## Task to complete:
When you reach the line containing "this 1280×1440 image." in the records below, start copying exactly, and stop once you have copied the line containing "Some of the words".

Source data
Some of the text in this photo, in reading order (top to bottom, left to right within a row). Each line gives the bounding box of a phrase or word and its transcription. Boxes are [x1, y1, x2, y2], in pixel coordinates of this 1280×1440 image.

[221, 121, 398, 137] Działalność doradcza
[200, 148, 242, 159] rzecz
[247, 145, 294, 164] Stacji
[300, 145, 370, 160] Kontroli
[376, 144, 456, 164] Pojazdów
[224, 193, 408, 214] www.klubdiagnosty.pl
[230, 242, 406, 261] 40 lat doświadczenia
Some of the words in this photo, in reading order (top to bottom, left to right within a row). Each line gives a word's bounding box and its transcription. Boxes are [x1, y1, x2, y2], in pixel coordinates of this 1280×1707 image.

...

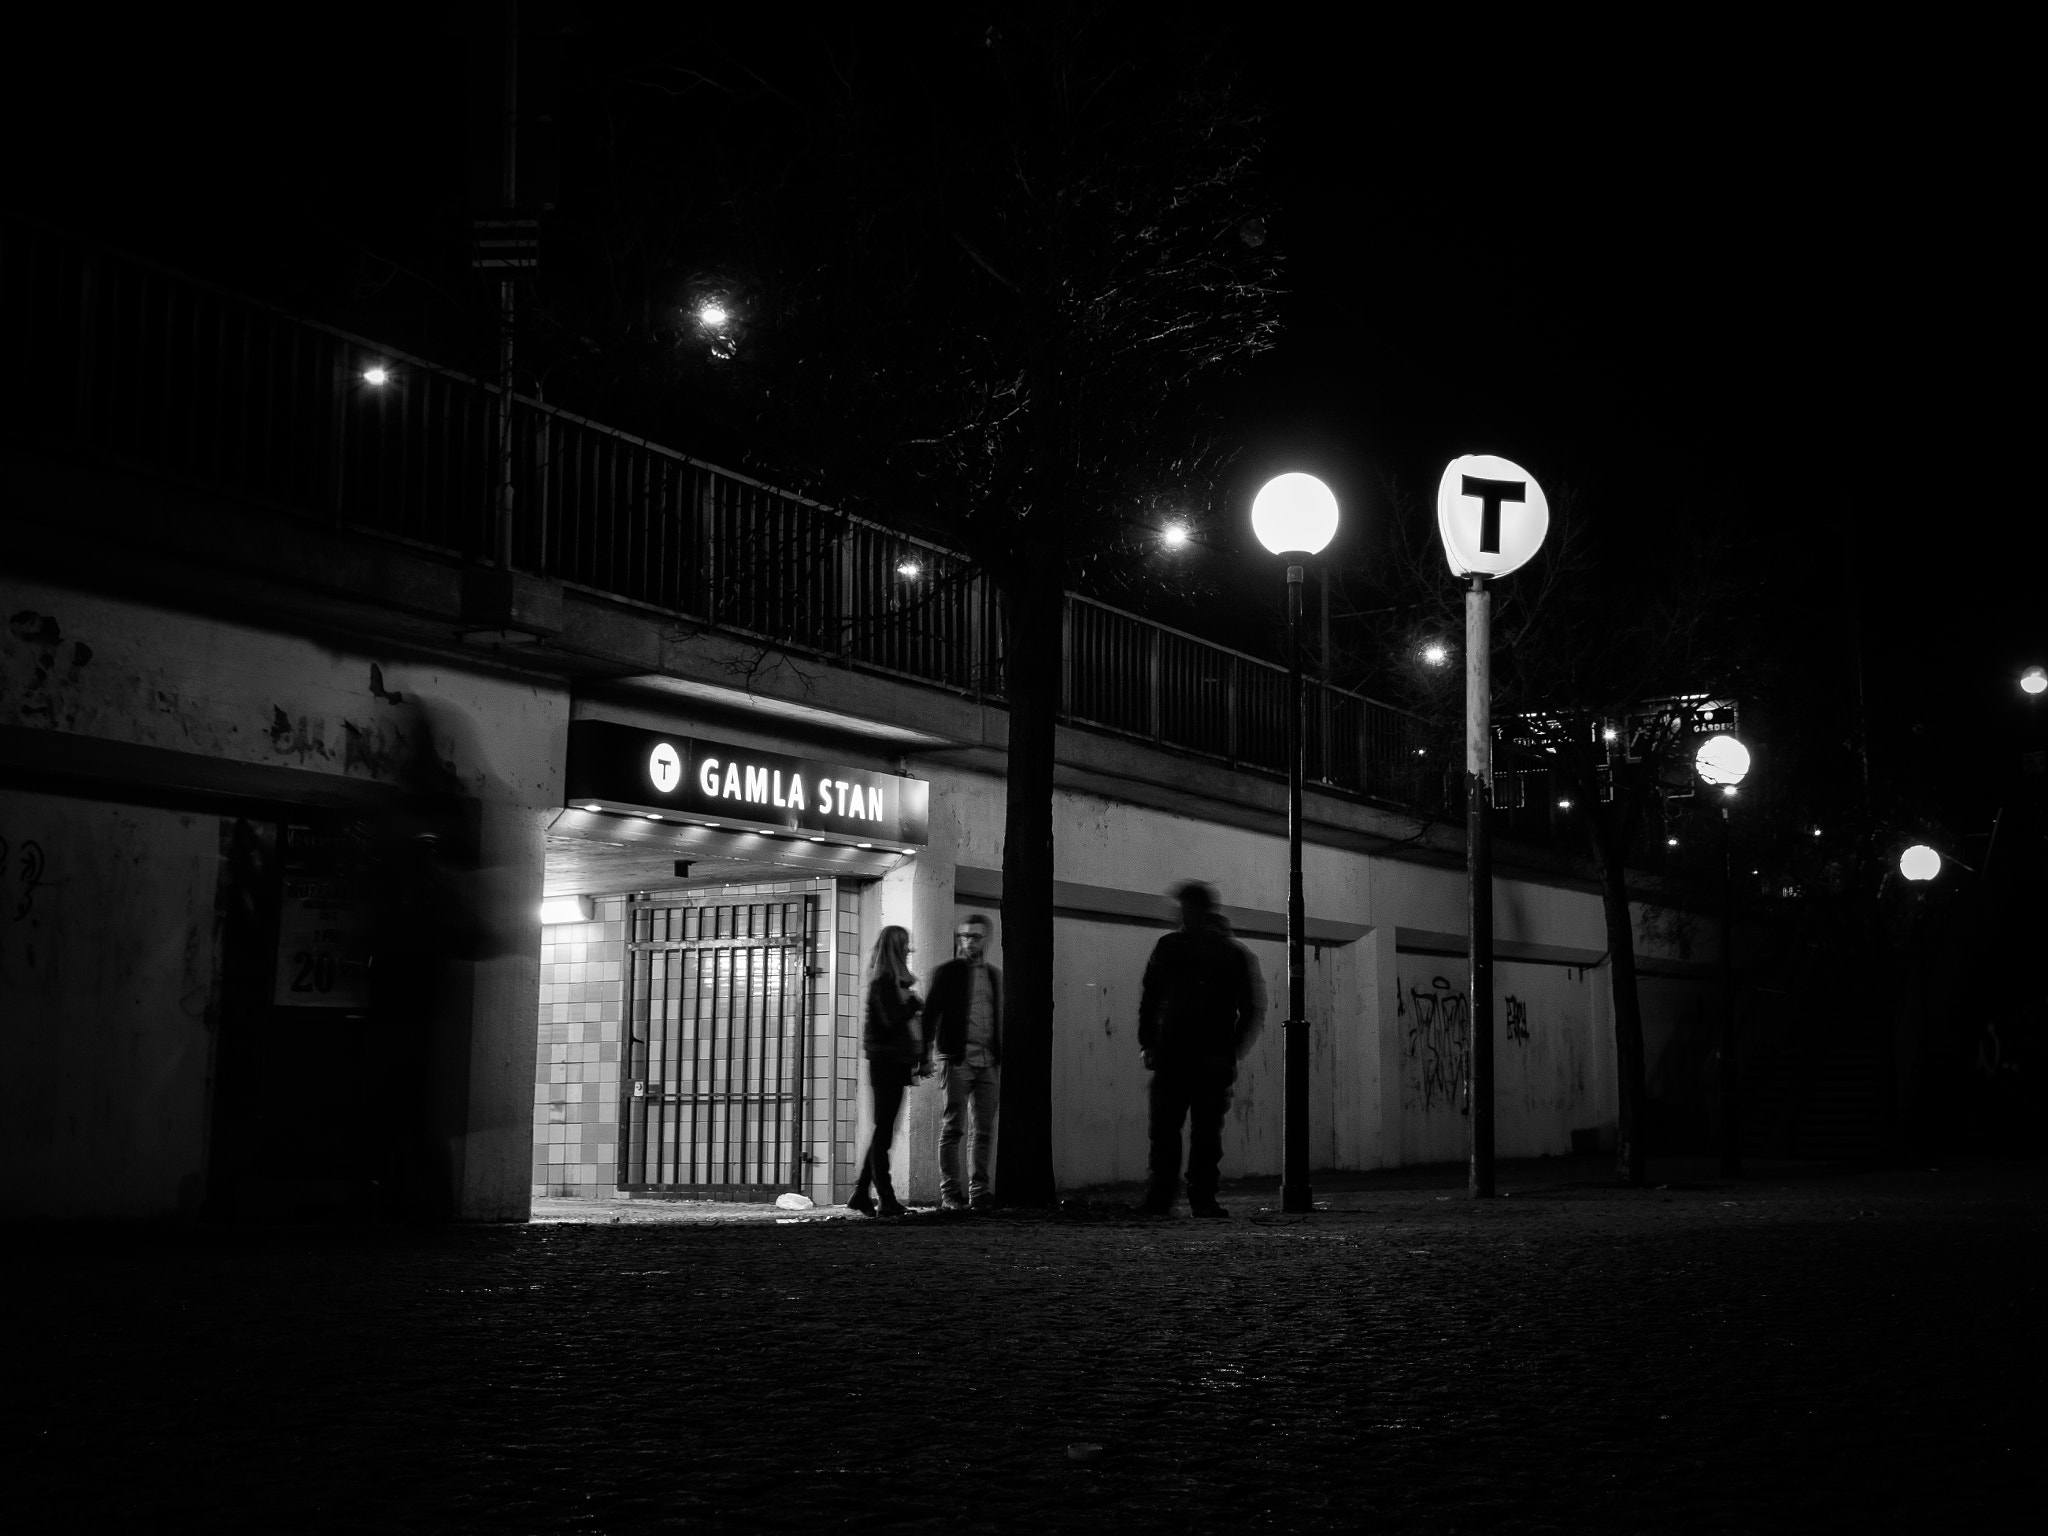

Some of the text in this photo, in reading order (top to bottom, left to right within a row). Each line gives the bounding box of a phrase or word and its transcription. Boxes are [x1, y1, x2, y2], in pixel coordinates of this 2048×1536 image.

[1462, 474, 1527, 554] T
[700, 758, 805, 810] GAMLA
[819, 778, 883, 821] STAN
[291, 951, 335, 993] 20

## Response:
Some of the text in this photo, in reading order (top to bottom, left to right within a row). Each line gives the bounding box of a phrase or word and its transcription. Boxes are [x1, y1, x2, y2], in pixel coordinates of this 1280×1440 image.

[221, 121, 398, 137] Działalność doradcza
[200, 148, 242, 159] rzecz
[247, 145, 294, 164] Stacji
[300, 145, 370, 160] Kontroli
[376, 144, 456, 164] Pojazdów
[224, 193, 408, 214] www.klubdiagnosty.pl
[230, 242, 406, 261] 40 lat doświadczenia
Some of the words in this photo, in reading order (top to bottom, left to right within a row). Each line gives a word's bounding box and its transcription. Boxes are [x1, y1, x2, y2], in pixel coordinates of this 1280×1707 image.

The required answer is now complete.